* Entries provided *
((

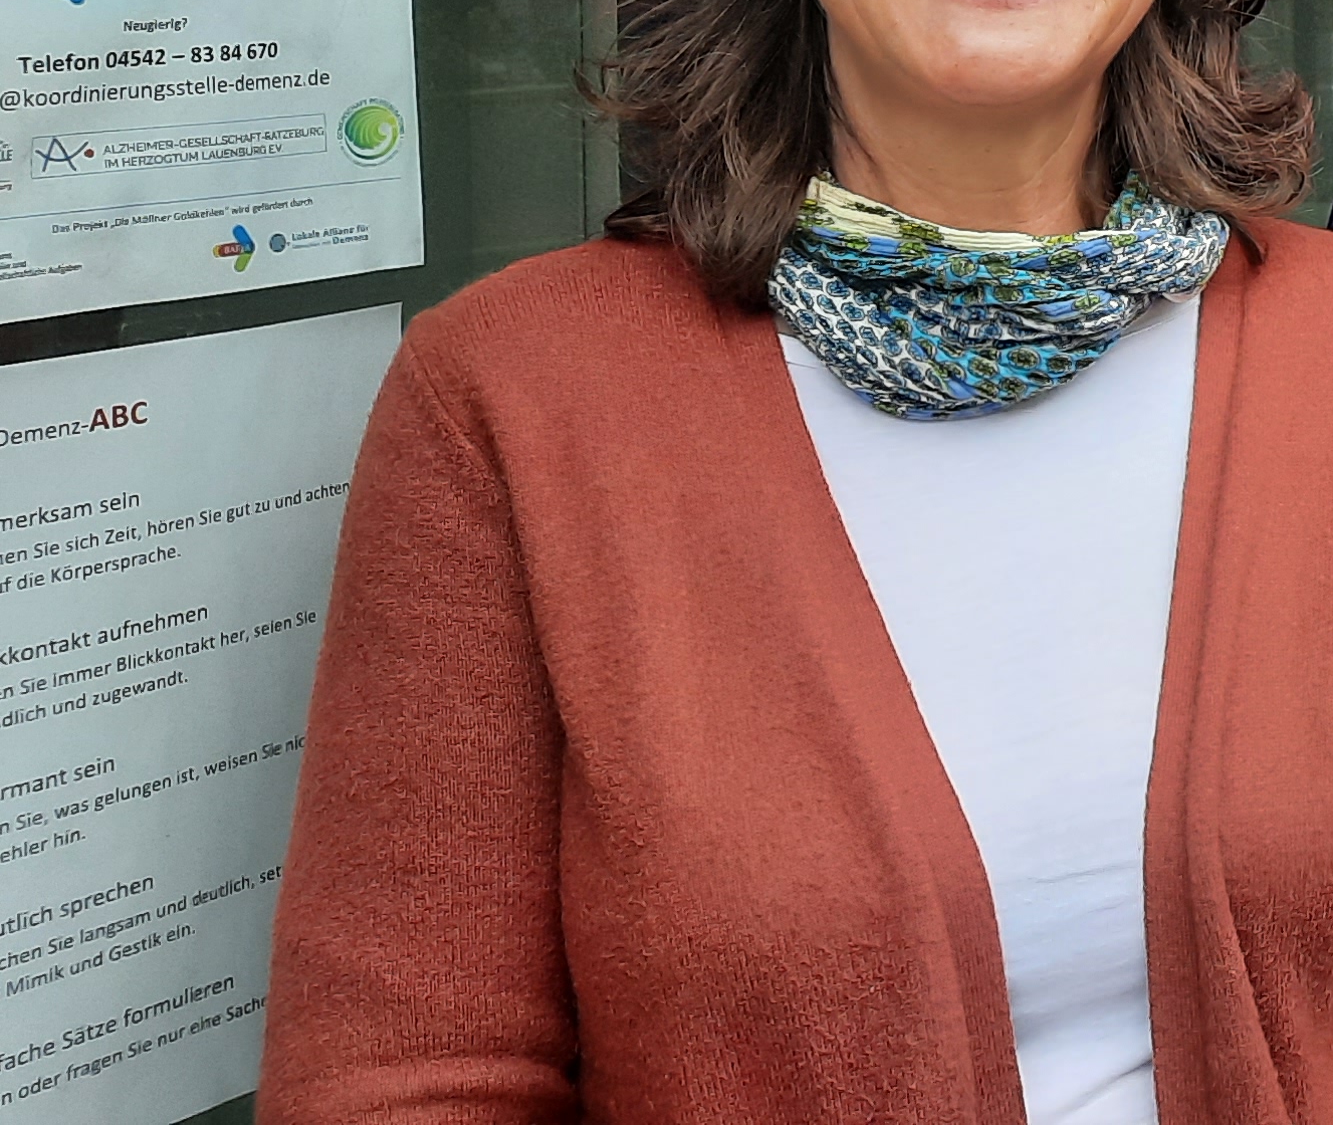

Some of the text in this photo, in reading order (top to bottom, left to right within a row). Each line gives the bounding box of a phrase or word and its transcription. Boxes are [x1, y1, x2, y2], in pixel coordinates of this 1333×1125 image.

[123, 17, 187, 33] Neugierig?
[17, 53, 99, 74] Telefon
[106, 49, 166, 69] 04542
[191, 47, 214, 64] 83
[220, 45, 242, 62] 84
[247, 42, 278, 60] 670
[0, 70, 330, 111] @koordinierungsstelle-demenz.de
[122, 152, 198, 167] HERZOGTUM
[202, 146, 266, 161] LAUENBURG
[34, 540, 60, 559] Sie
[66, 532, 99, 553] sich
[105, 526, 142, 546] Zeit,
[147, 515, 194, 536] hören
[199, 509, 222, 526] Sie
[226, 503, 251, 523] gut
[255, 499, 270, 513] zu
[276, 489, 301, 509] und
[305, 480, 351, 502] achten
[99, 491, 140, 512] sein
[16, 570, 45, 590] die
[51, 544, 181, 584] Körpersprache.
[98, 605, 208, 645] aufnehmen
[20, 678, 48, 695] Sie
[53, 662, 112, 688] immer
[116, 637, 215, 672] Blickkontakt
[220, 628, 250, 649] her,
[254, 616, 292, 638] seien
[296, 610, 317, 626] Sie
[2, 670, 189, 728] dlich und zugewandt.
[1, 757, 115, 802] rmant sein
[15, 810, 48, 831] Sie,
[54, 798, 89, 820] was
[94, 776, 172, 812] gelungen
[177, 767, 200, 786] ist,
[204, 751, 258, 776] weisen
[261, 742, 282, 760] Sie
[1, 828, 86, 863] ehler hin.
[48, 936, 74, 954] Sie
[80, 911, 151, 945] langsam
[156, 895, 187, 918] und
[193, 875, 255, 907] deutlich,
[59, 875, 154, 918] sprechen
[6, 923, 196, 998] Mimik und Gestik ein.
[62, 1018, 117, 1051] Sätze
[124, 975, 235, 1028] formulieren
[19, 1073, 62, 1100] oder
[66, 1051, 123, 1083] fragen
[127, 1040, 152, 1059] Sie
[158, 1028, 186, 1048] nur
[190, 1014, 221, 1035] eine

))

* Problem to solve *
Which lines of the entries above contain the string "sein"? Copy each one.

* Task answer *
[99, 491, 140, 512] sein
[1, 757, 115, 802] rmant sein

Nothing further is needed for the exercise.